For shortwave infrared band 6 and 7 (1,640 nm and 2,130 nm), a smooth trend fitting is unavailable. DCC reflectance shows an abnormal jump, which is more significant in band 6 than in band 7. This jump is no longer observed, after 900 days of the satellite launch (after November 2010). It had remained stable for one and a half years. However, this jump began to appear again in March 2012. Figure 6 shows the results of the space view (SV) of MERSI bands 6 and 7. The results indicate that an abnormal jump did occur to cold space in bands 6 and 7 at the same time. The shortwave infrared bands 6 and 7 of MERSI have been designed as an adjustable electronic gain under telemetry control when the signal responses of these two bands become small. However, the outer space environment influence on the instrument caused the random jump in the electronic gain without the gain adjustment maneuver. This is the reason why it is impossible to obtain an effective response change curve by DCC. After December 2010, the onboard electric gain seemed to be locked. It is also shown that DCC reflectance became stable without any abnormal jump when the electric gain was stable.

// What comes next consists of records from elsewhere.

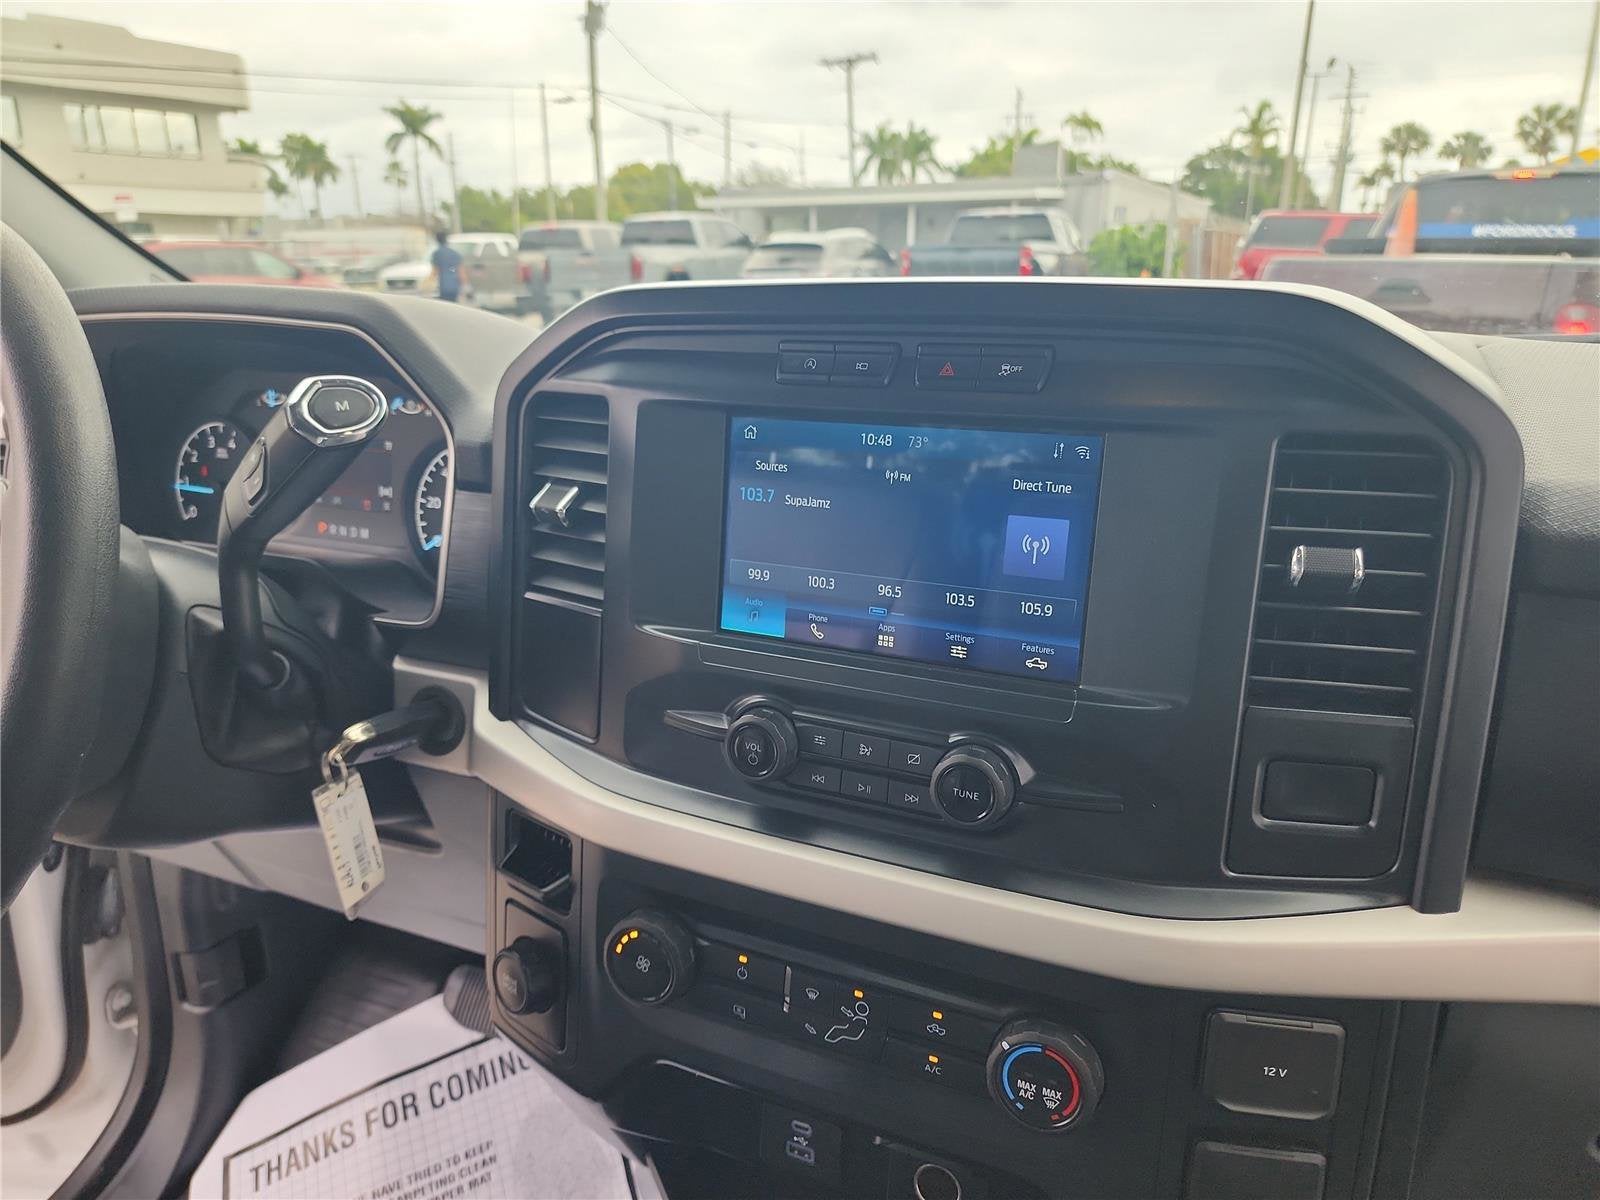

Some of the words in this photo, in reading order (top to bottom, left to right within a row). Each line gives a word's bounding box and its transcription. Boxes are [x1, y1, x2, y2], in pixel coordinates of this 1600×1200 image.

[1010, 365, 1023, 373] OFF
[335, 401, 350, 412] M
[861, 433, 893, 447] 10:48
[908, 436, 929, 448] 73°
[755, 460, 788, 473] Sources
[900, 474, 911, 482] FM
[1012, 479, 1042, 492] Direct
[1045, 481, 1072, 495] Tune
[740, 487, 775, 503] 103.7
[785, 494, 831, 509] SupaJamz
[748, 568, 770, 581] 99.9
[808, 576, 835, 590] 100.3
[877, 584, 902, 598] 96.5
[945, 592, 975, 607] 103.5
[1020, 601, 1053, 617] 105.9
[745, 597, 763, 607] Audio
[808, 613, 828, 623] Phone
[878, 623, 896, 633] Apps
[945, 632, 975, 645] Settings
[1021, 642, 1055, 655] Features
[745, 742, 762, 752] VOL
[952, 787, 980, 801] TUNE
[924, 1063, 942, 1076] A/C
[1263, 1066, 1276, 1077] 12
[1278, 1068, 1287, 1078] V
[1017, 1079, 1037, 1092] MAX
[1019, 1089, 1035, 1100] A/C
[1042, 1087, 1062, 1100] MAX
[249, 1121, 356, 1193] THANKS
[366, 1092, 420, 1138] FOR
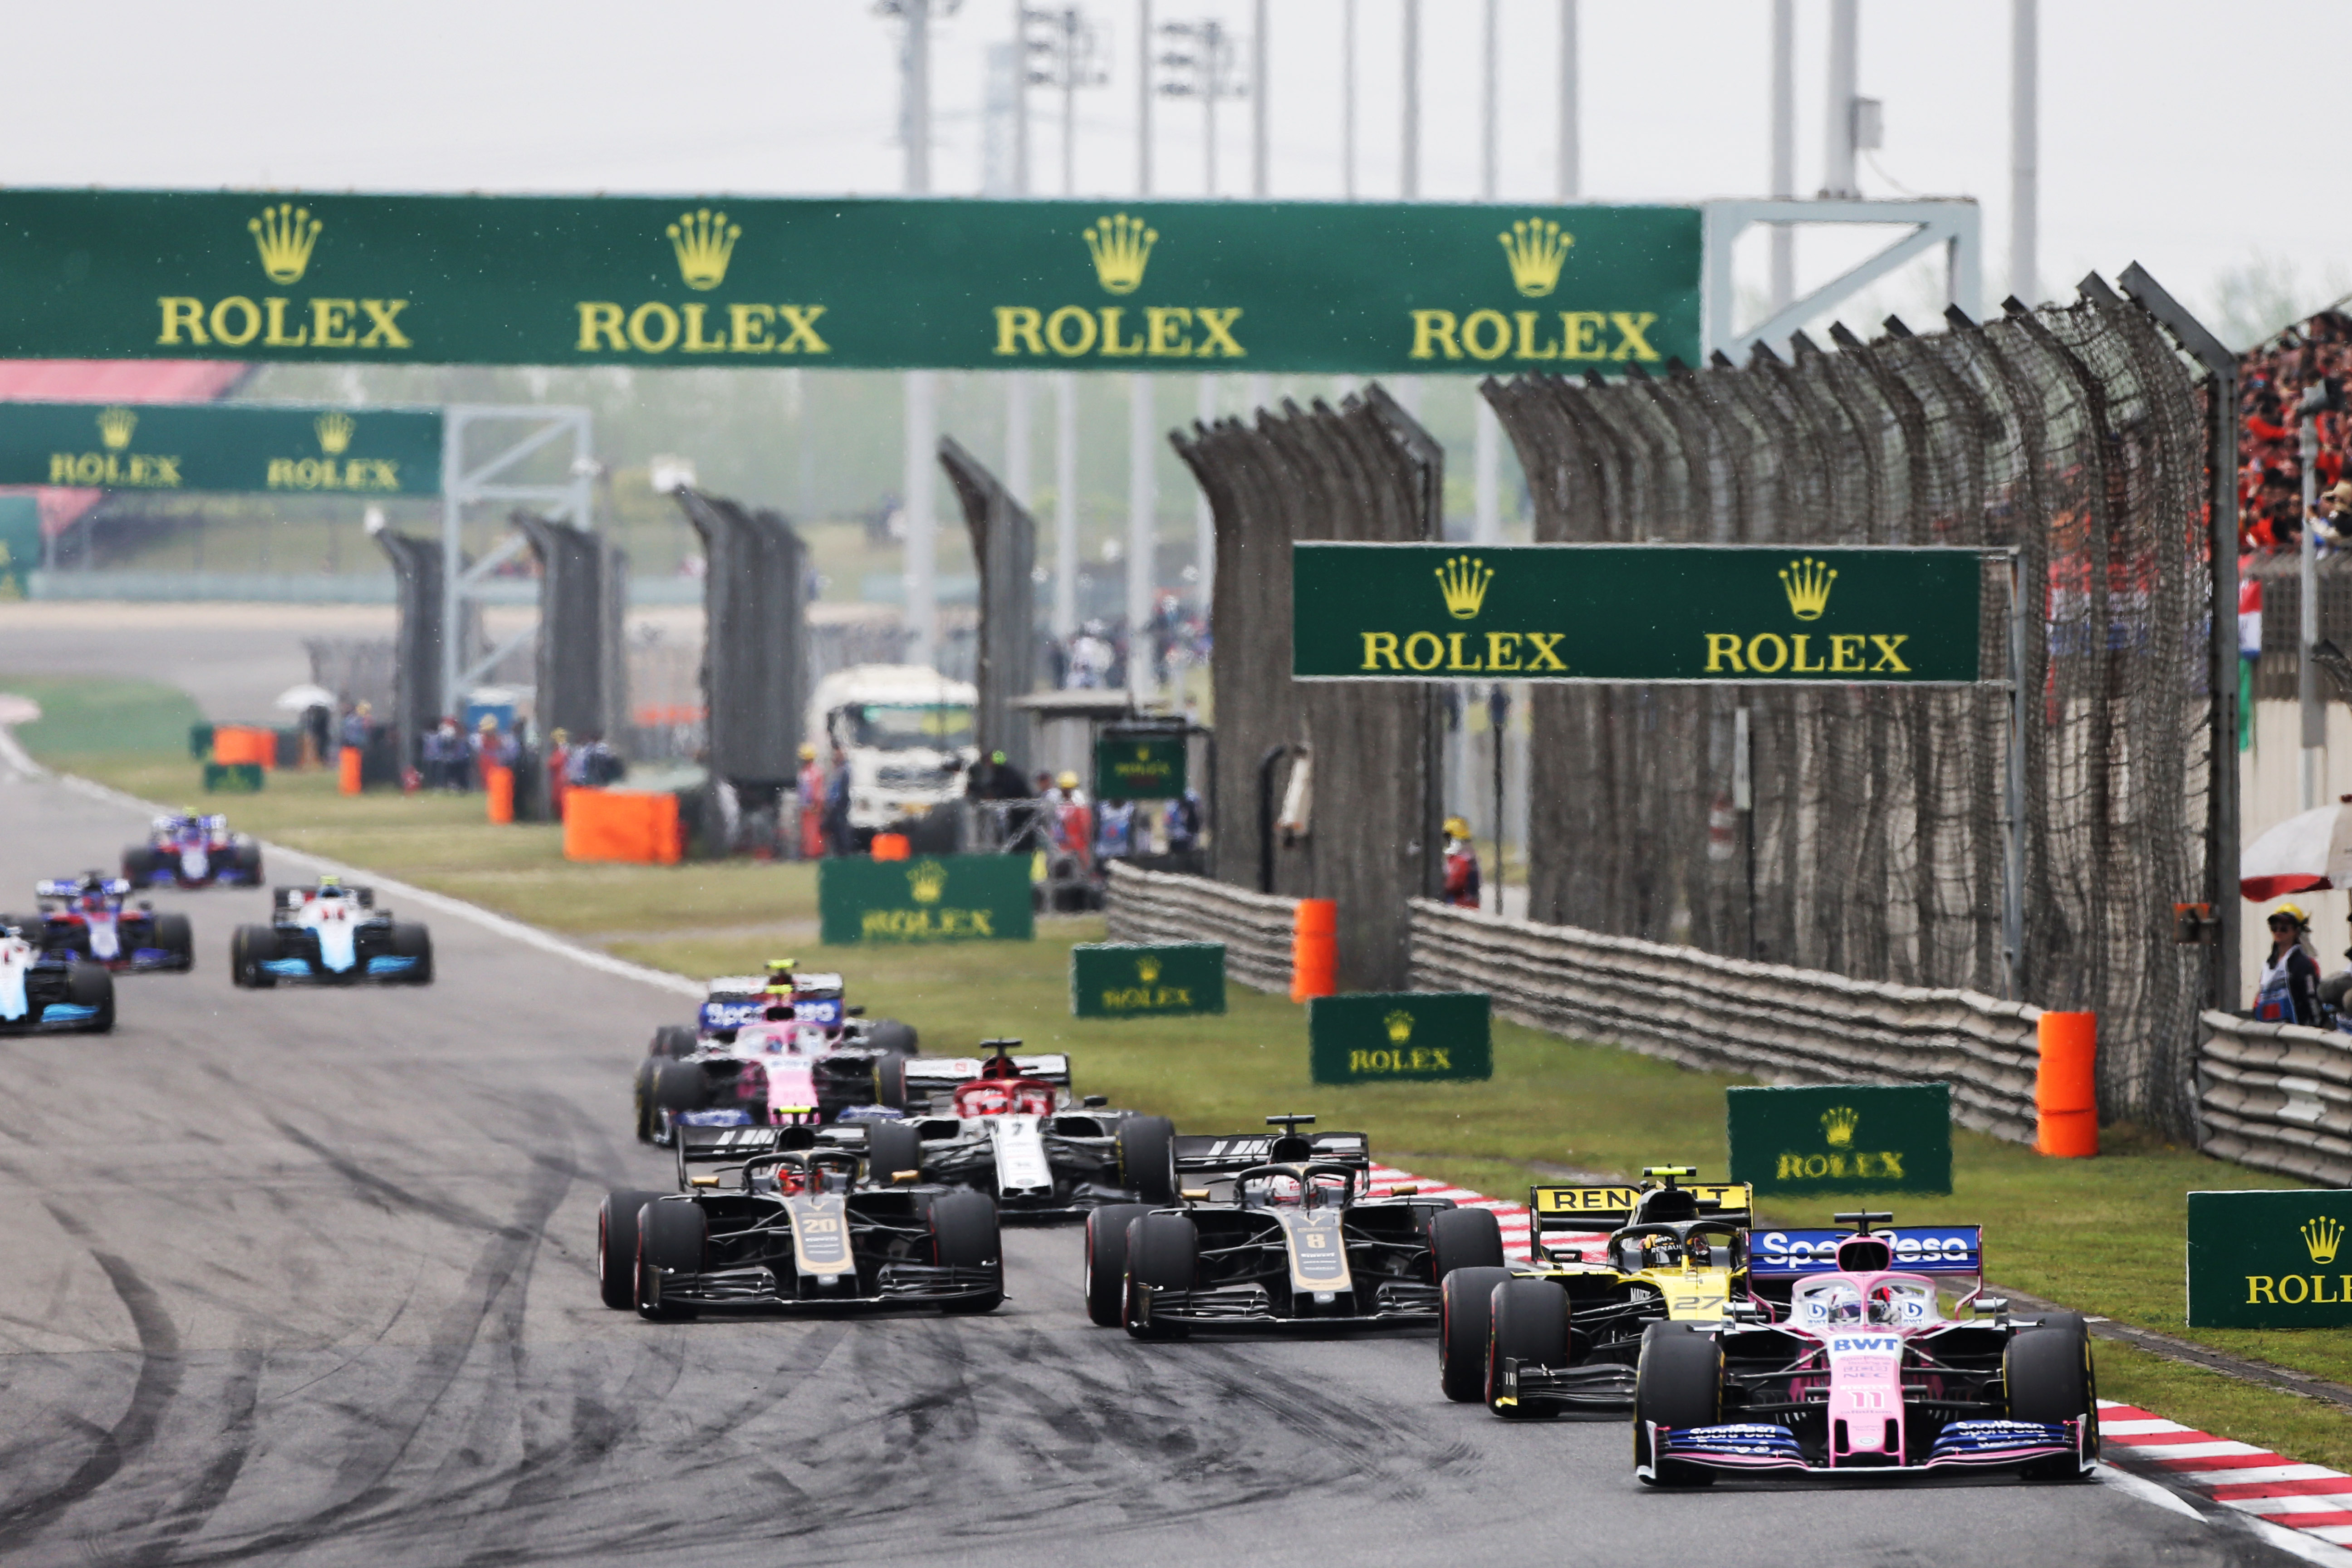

For most bands with total degradation over 5%, the annual degradation rate is decreasing yearly. Especially in the first year after the satellite was launched, the bands degraded fastest. The total degradation rate obtained by linear fitting and quadratic curve fitting differs by less than 0.3%, because in recent years, the annual degradation rate sped up.
The 2σ/mean indexes of all bands are less than 2.5%, excluding band 8 with 2.89%. The index is below 2% in the three water vapor absorption bands, which are difficult to properly handle by the traditional vicarious radiometric calibration method. The 2σ/mean index is very small, indicating the stability and reliability of the DCC-based radiometric calibration and monitoring method. The smaller index from quadratic fitting than that from linear fitting reveals that the quadratic fit curve can better describe the degradation characteristics of the data.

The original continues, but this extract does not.